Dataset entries
■ ■ ■

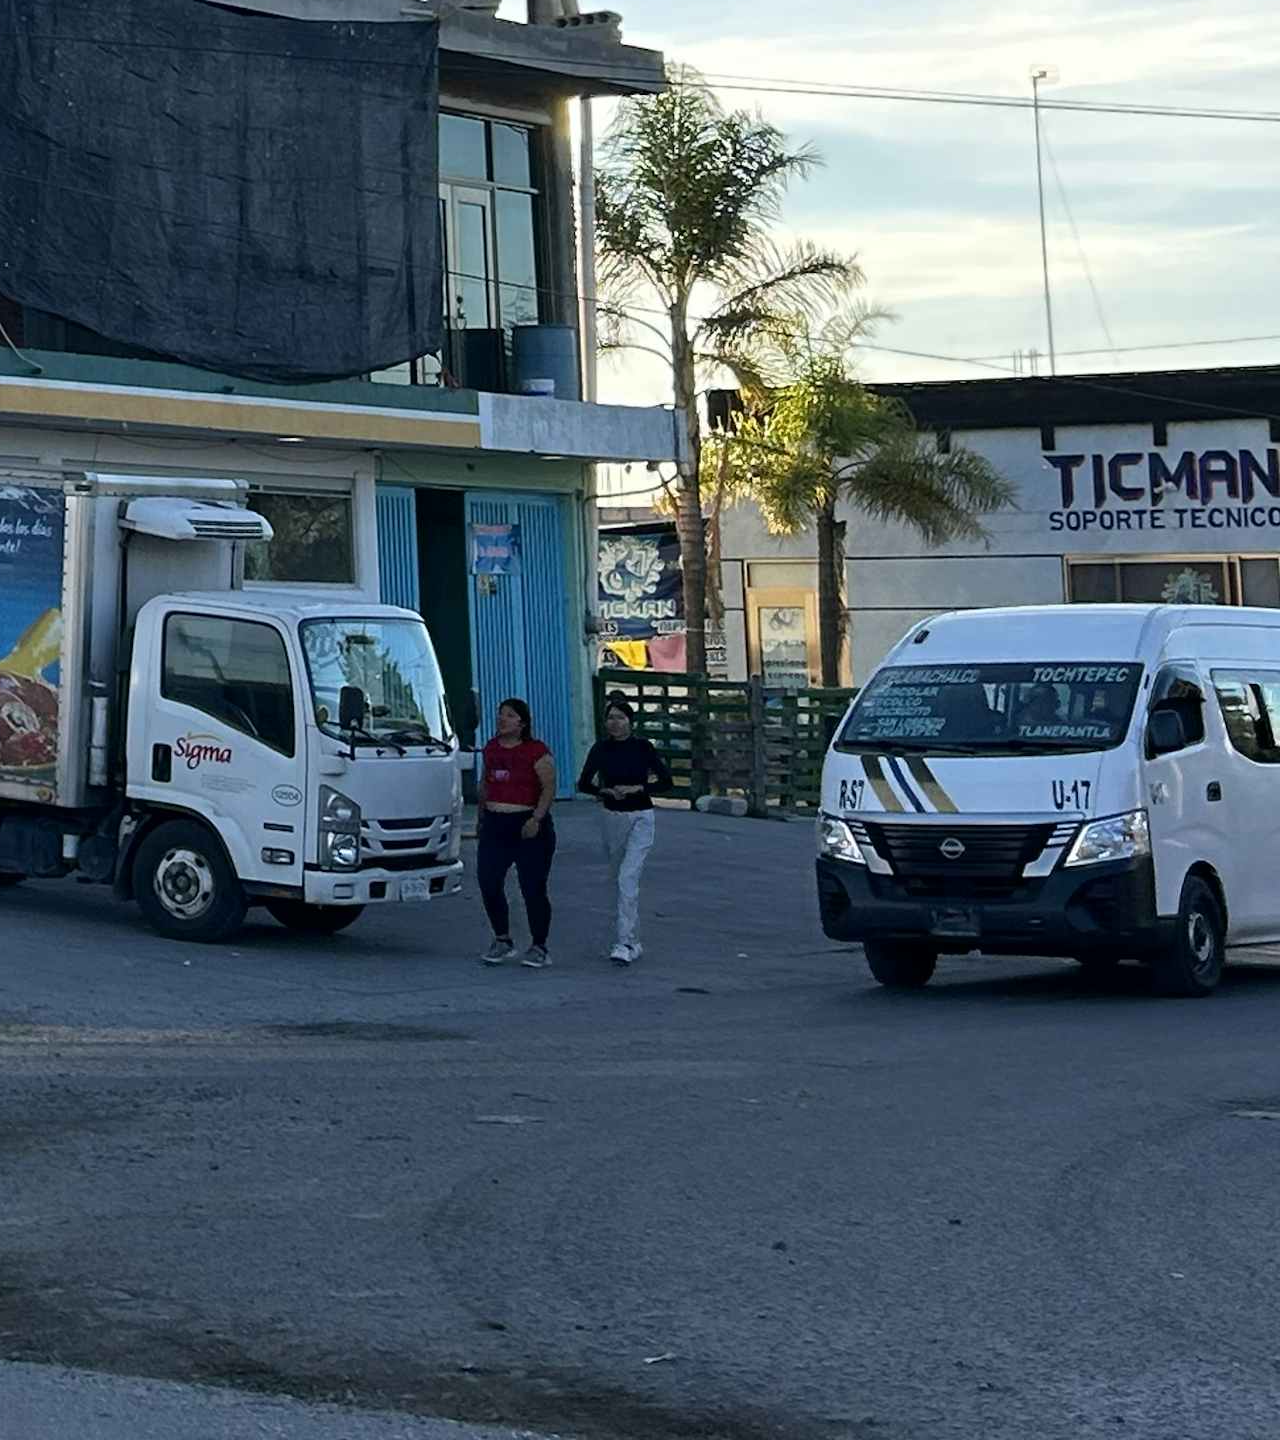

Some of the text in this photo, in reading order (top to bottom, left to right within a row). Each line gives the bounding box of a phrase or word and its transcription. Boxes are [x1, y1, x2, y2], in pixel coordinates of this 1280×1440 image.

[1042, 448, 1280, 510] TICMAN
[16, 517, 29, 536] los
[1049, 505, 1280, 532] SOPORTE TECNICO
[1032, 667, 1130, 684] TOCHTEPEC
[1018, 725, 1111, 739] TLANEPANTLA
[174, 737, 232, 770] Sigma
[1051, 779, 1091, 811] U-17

■ ■ ■

Work request: An exact copy of the entries above is required; pictures are not part of it.

Solution to this task:
Some of the text in this photo, in reading order (top to bottom, left to right within a row). Each line gives the bounding box of a phrase or word and its transcription. Boxes are [x1, y1, x2, y2], in pixel coordinates of this 1280×1440 image.

[1042, 448, 1280, 510] TICMAN
[16, 517, 29, 536] los
[1049, 505, 1280, 532] SOPORTE TECNICO
[1032, 667, 1130, 684] TOCHTEPEC
[1018, 725, 1111, 739] TLANEPANTLA
[174, 737, 232, 770] Sigma
[1051, 779, 1091, 811] U-17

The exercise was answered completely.